52 AD: The Apostle Thomas preaches in India.
57 AD: Rome had approximately 3,000 Christians, 5 congregations. Total population of Rome: 800,000.
c. 60 AD: First Christians in Dalmatia and Illyria (Yugoslavia).
61 AD: Start of the Celtic Church.
63 AD: Mark's Martyrdom in Bokalia, near Alexandria.
64 AD: The great fire of Rome. 1st great persecution of Christians by Nero. Apostles Peter and Paul martyr together with thousands of Christians. The historian Tacitus (born around 56 AD) states that Nero, in order to remove himself from all suspicion, accused the Christians of the fire, who then “were torn by dogs and died” and “were burned by being thrown to the flames to be used as night lighting, when daylight diminished. Nero offered his gardens for this spectacle” (Chronicles, Book XV, para. 44). 
66 AD: Anti-Jewish riots and organized massacres of Jews in Egypt. 50,000 were killed in Alexandria and 60,000 elsewhere.
67 AD: Vespasian, together with 60,000 soldiers, suppresses a Jewish riot and reoccupies Galilee.
69 AD: The Jewish diaspora that has heard the Christian Gospel from Christians, are already 4,000,000.

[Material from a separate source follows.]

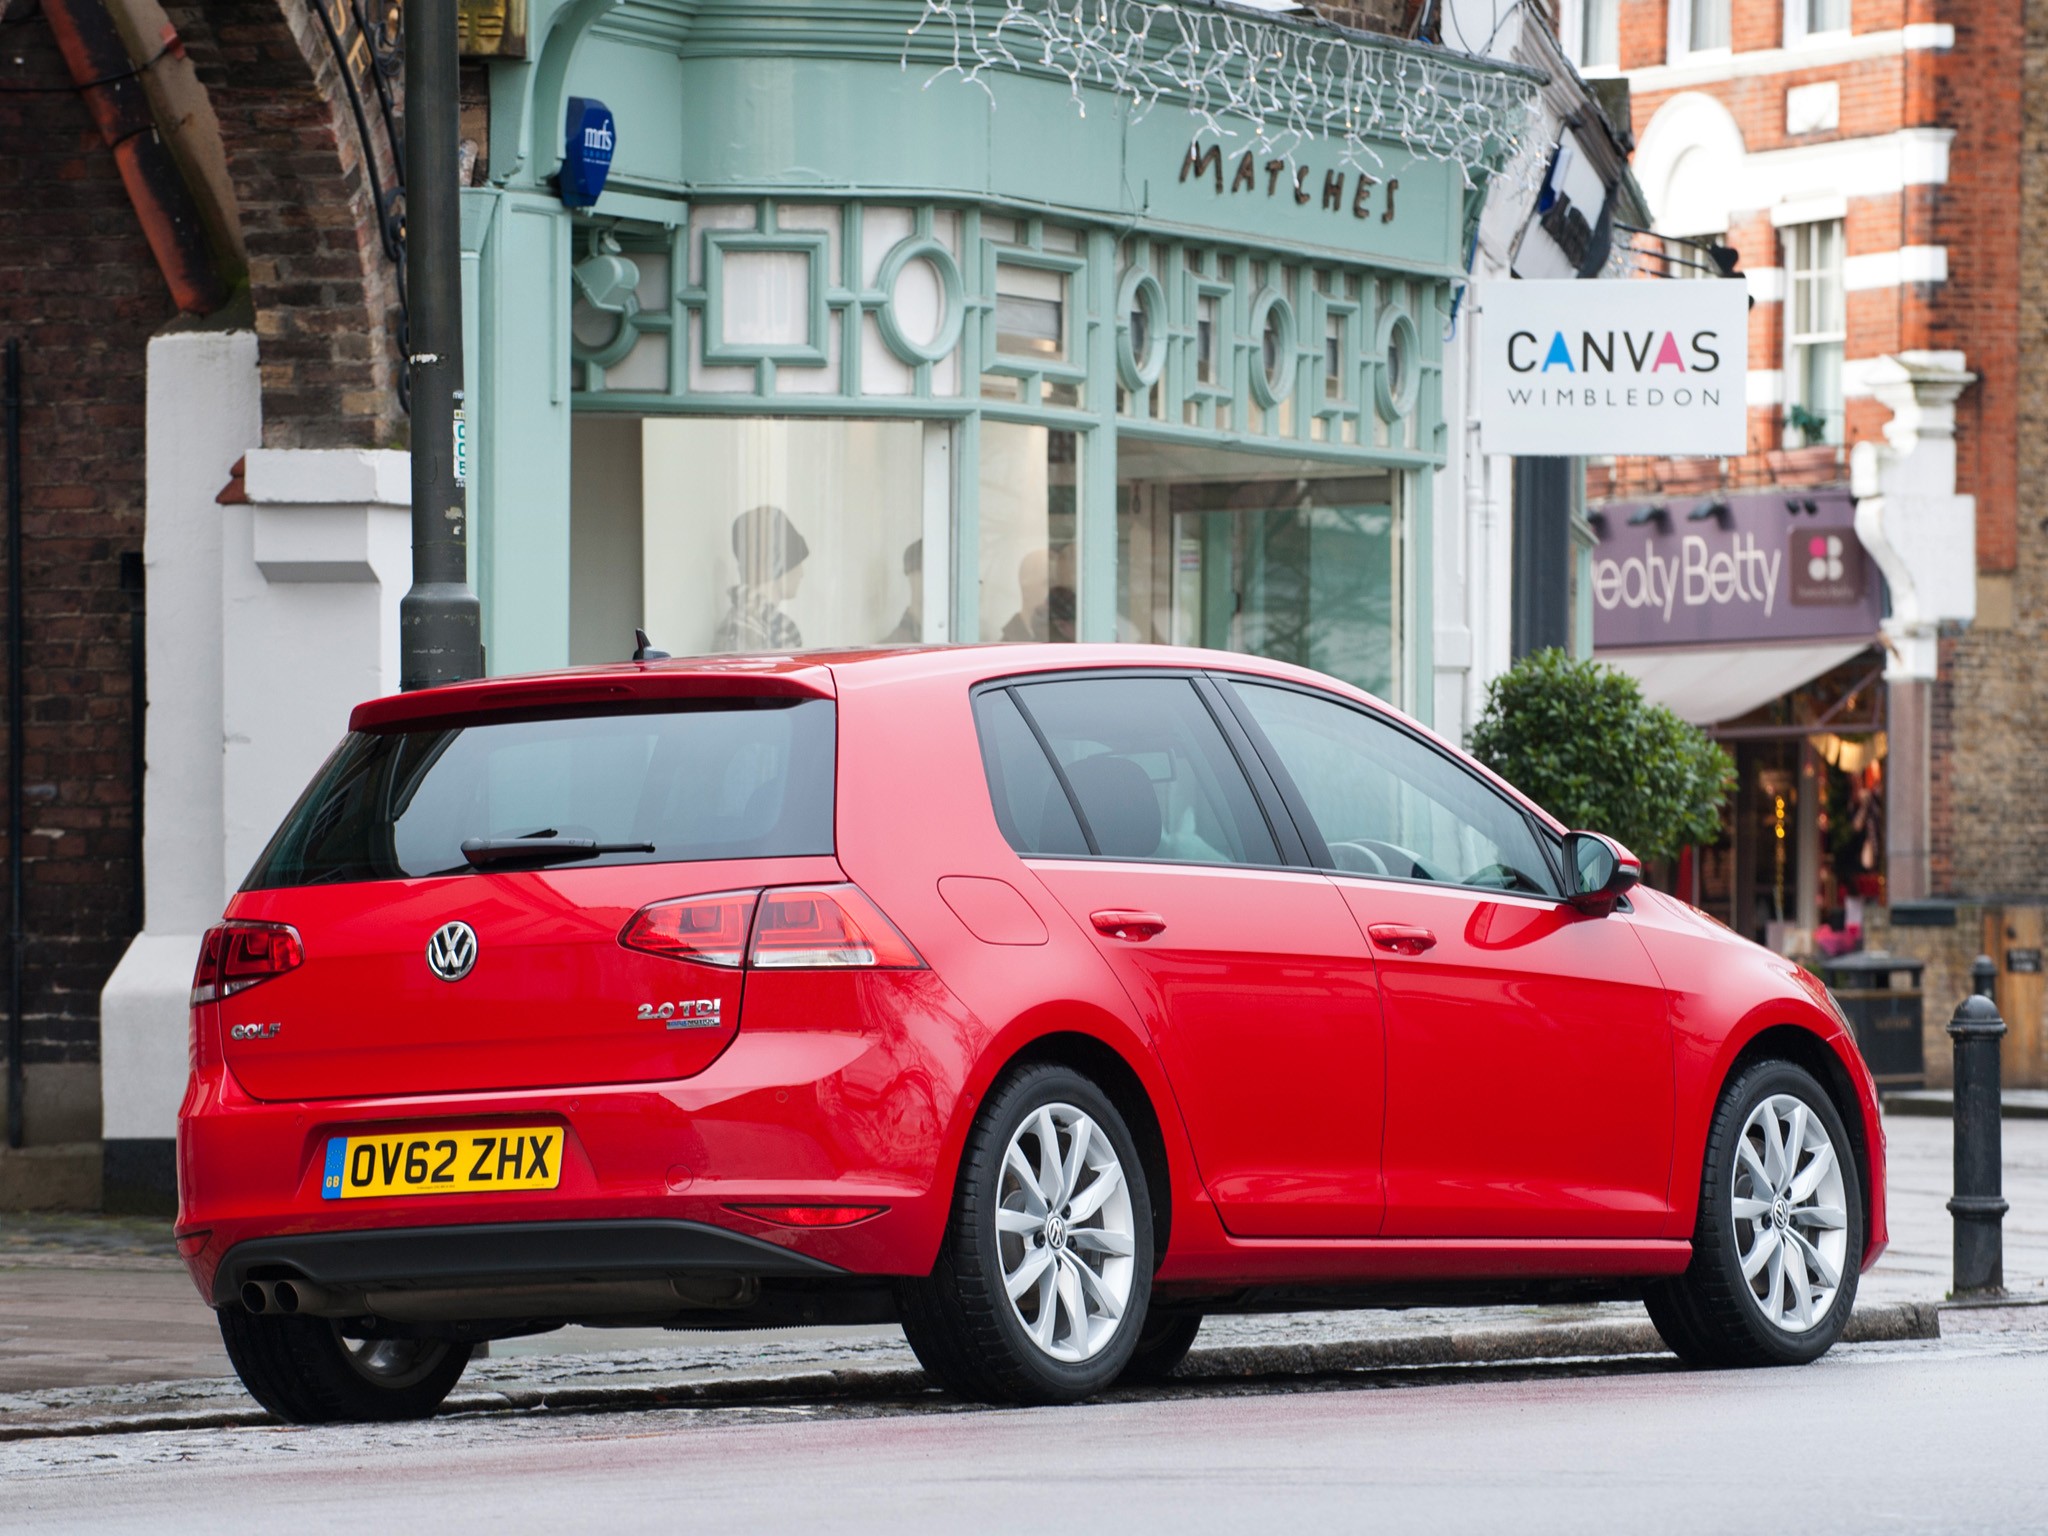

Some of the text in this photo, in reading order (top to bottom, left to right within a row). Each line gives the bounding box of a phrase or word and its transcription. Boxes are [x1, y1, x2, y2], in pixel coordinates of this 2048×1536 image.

70 AD: Destruction of Jerusalem by Titus together with 4 legions. 600,000 Jews are killed in Judaea, 10,000 Jews are crucified, 90,000 are brought to Rome as slaves. The Christians that were formerly Jewish in Jerusalem were mindful of Christ's prophesy regarding the destruction of Jerusalem and escaped before the destruction, they scattered into other areas spreading the Gospel. End of Jewish Christians. The center of Christianity for the Eastern Empire is now Antioch.
Within 30 years (only one generation) after Christ, the percentage of the world which has been Christianized is about 0.1%. 15% of the world has heard the Gospel, and the Scriptures have been translated into 5 languages.
71 AD: The Colosseum is built in Rome. A large number of Christians are thrown to beasts or martyr in other ways.